Published on October 24, 2016 8:17AM


Not counting my experience as a parent or volunteer, I have had three stints in teaching. The first two occurred about 20 years ago in southern Oregon and were each a year long. The most recent one was here in Wallowa County and lasted for only a month.

Back in 1996, after I had spent nearly 20 post-college years doing home construction, I enrolled at Southern Oregon University in the fifth-year elementary education program. As part of my teacher training for a K-9 certification, I served as a student teacher at Briscoe School in Ashland. There I had the opportunity to work under master teachers in their classrooms in grades 1, 3 and 4.

Briscoe was innovative and well-funded. It was located in an affluent neighborhood in a flourishing, progressive town, and most of its students were the children of young professionals. Ultimately, the thriving real estate market (“above the boulevard,” as they say in Ashland) proved to be both a blessing and a curse. Even as soaring home prices helped enable Briscoe to provide a half dozen brand new Mac computers for each classroom, those same prices eventually squeezed many young families out of town in search of more affordable places to live.

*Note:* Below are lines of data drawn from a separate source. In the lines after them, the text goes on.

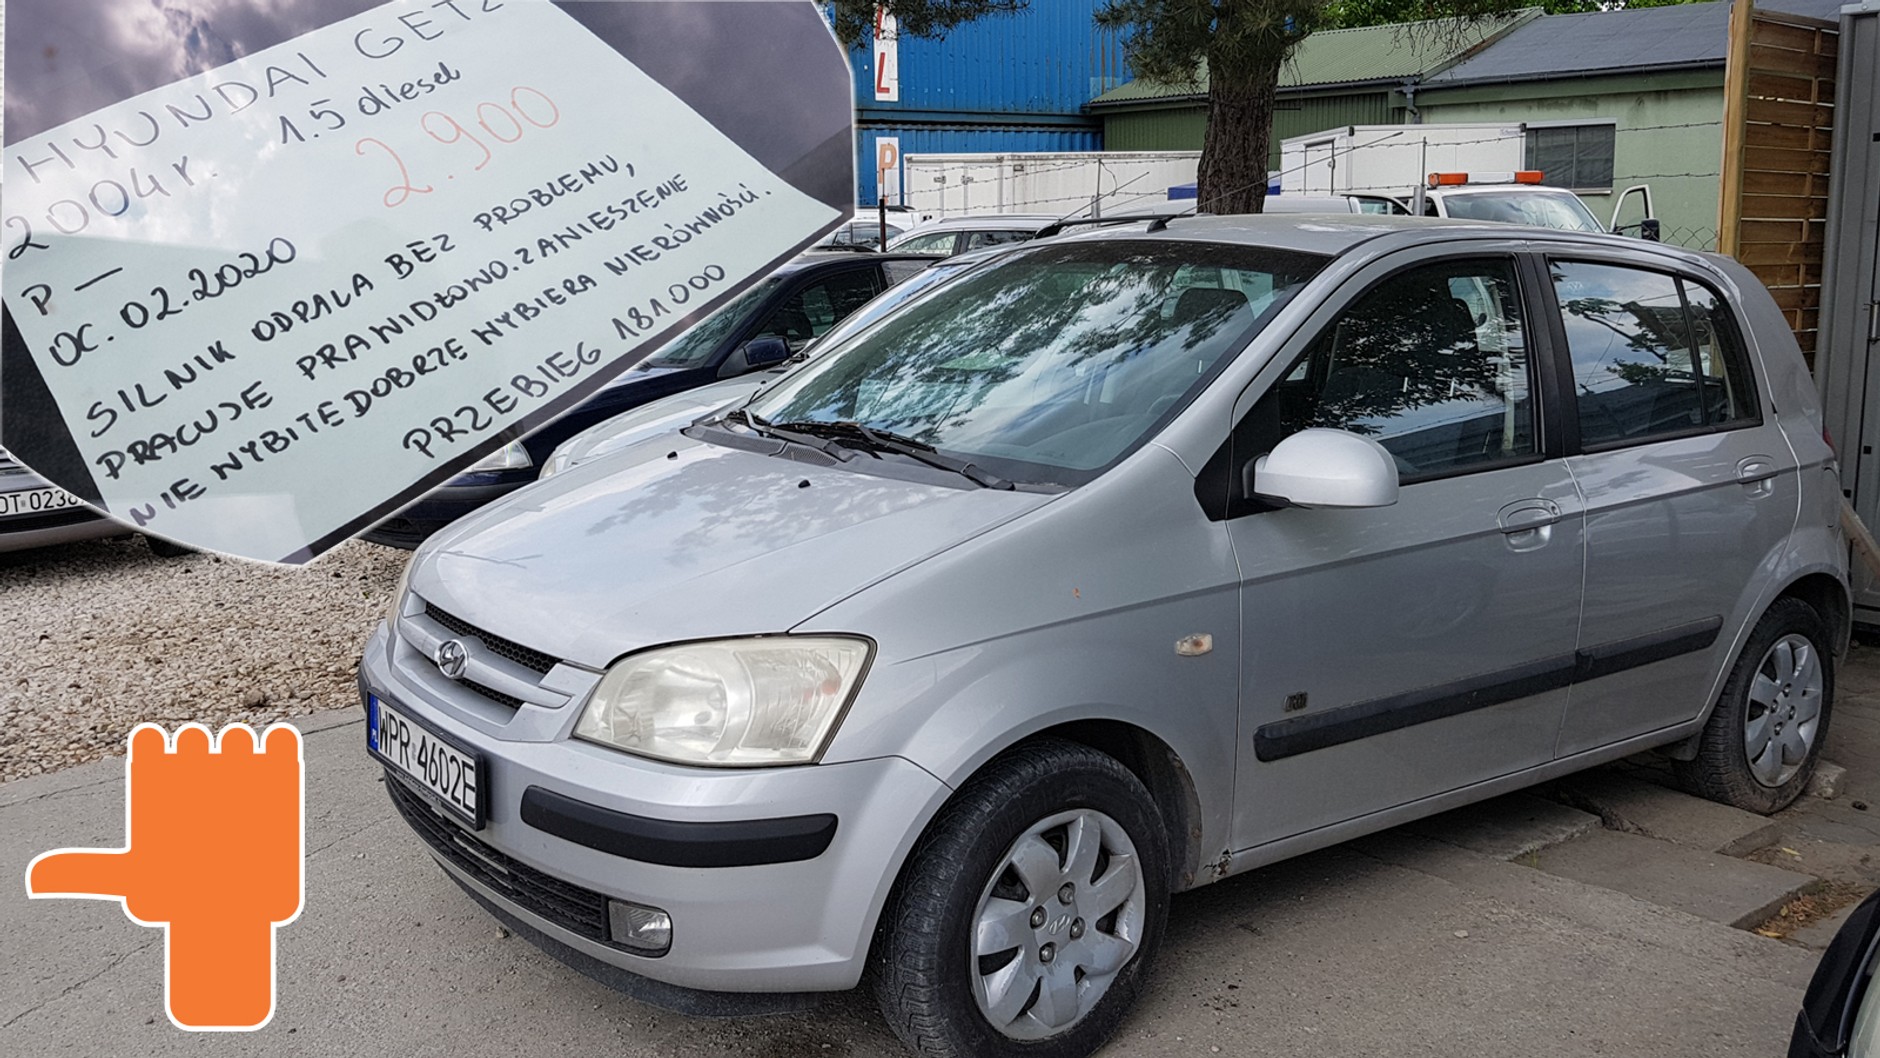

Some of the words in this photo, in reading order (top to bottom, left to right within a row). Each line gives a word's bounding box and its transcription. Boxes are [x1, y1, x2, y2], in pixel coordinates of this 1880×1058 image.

[16, 51, 327, 183] HYUNDAI
[279, 98, 347, 145] 1.5
[357, 61, 461, 117] diesel
[876, 52, 890, 93] L
[355, 86, 560, 208] 2.900
[878, 143, 897, 184] P
[21, 284, 52, 316] P
[48, 322, 115, 367] OC.
[119, 237, 297, 329] 02.2020
[85, 340, 236, 438] SILNIK
[251, 272, 374, 341] ODPALA
[384, 234, 455, 280] BEZ
[473, 154, 635, 233] PROBLEMU,
[96, 380, 273, 479] PRACUJE
[129, 477, 208, 526] NIE
[344, 337, 469, 418] DOBRZE
[471, 274, 597, 346] WYBIERA
[402, 341, 602, 459] PRZEBIEG
[379, 705, 411, 770] WPR
[417, 735, 476, 815] 4602E
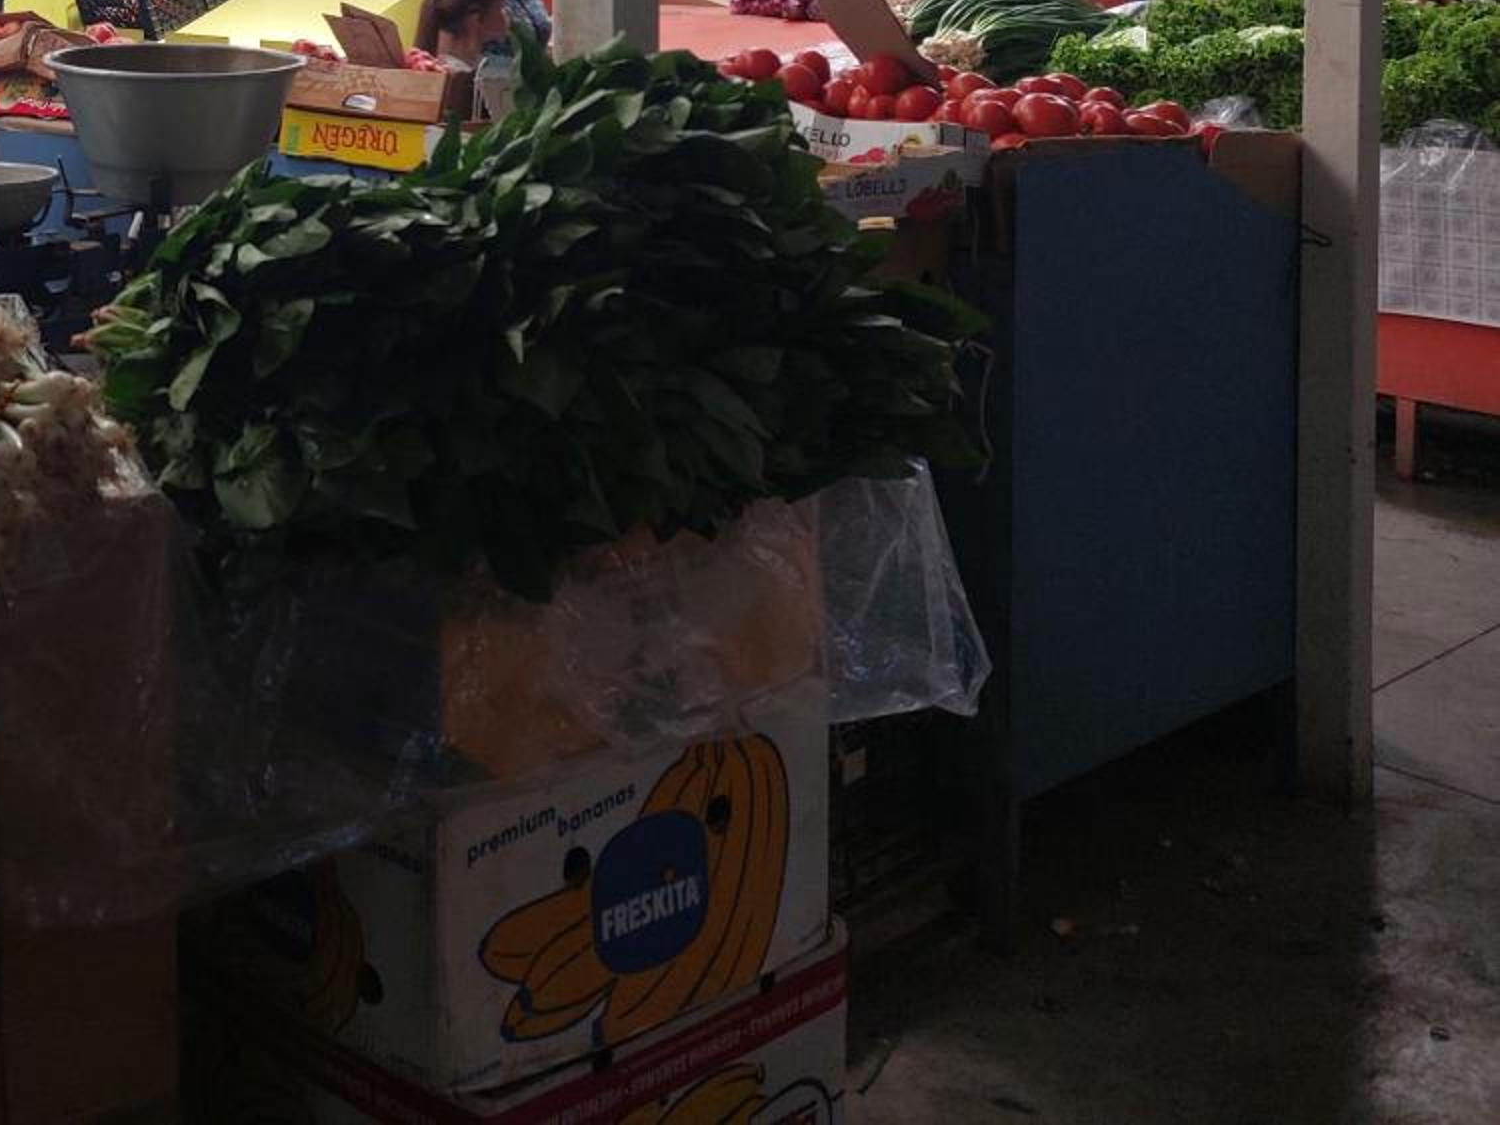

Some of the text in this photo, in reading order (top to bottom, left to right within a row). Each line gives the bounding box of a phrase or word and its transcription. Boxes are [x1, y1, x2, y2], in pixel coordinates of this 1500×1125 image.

[467, 805, 556, 867] premium
[556, 782, 637, 838] bananas
[600, 869, 700, 943] FRESKITA

As the town’s young population was gradually supplanted by well-to-do retirees, Briscoe and two other elementary schools in Ashland closed their doors just a few years after I had the good fortune to teach there.

My next teaching gig came immediately after my graduation from SOU. A week before the start of school, I was hired on a one-year contract to teach first grade at Central Point Elementary in a rapidly growing, blue-collar region of the Rogue Valley. Like its surrounding neighborhood, CPE did not have the same resources that I had been blessed with in Ashland. I was provided with 24 students, desks, chairs, paper and pencils. The rest was pretty much left to me to improvise.

Fortunately, I have always been an excellent scrounger, so I rounded up as many resources as I could assemble by turning to some of my cooperating teachers from Briscoe and scoring whatever I could find at yard sales. I arranged a curriculum consisting of about 15 20-minute segments each school day. A month into the school year, I received math workbooks. Halfway through the year, we were finally given a new series of first-grade readers. The entire experience was very challenging for me as a beginning teacher, but when it concluded, I was pleased that my students scored very well in reading and writing, while their math scores were right about at the district average.

It came as a blow to me that I was not rehired in Central Point, and with four kids of my own still at home, I chose to return to general contracting. I continued in that work until about a year ago, when I decided that at age 60, scrambling around on rafters might no longer be a good bet for my health. When I let my contractor’s license go, I considered myself semi-retired.

But a couple of months ago, a teacher at Enterprise Elementary School asked me if I would like to apply for a position as a Title I math aide. My teaching license had expired many years ago, because I had never returned to the field of education after my experience at CPE. I agreed to apply for the job with some reservations, because I knew all too well how stressful teaching can be. The Title I teacher, the new school principal and I agreed that it might make sense for me to take on the job for a trial period of about a month to see how well things seemed to be working for all concerned.

As with each of the schools where I have taught, I found the teachers and staff at Enterprise Elementary to be outstanding professionals. I worked in classrooms in grades 1-6, sometimes assisting students while the teachers were demonstrating lessons, and sometimes working in small-group pull-out sessions. I found the math curriculum, which is based on the Common Core program, to be challenging both for me and for the students.

When I taught 20 years ago in the Rogue Valley, the average age of teachers there was about 50. At the time, I was in my early 40s. Now I am 61, and I am pleased to report that the average age of teachers at Enterprise Elementary School is about mid-30s.

After having given this work another try for about a month, I decided that this grandfather did not handle the stress that the job can bring nearly as well as teachers 30 years younger. God bless everyone who still has that deep reservoir of energy and patience that this challenging profession demands.

John McColgan writes from his home in Joseph.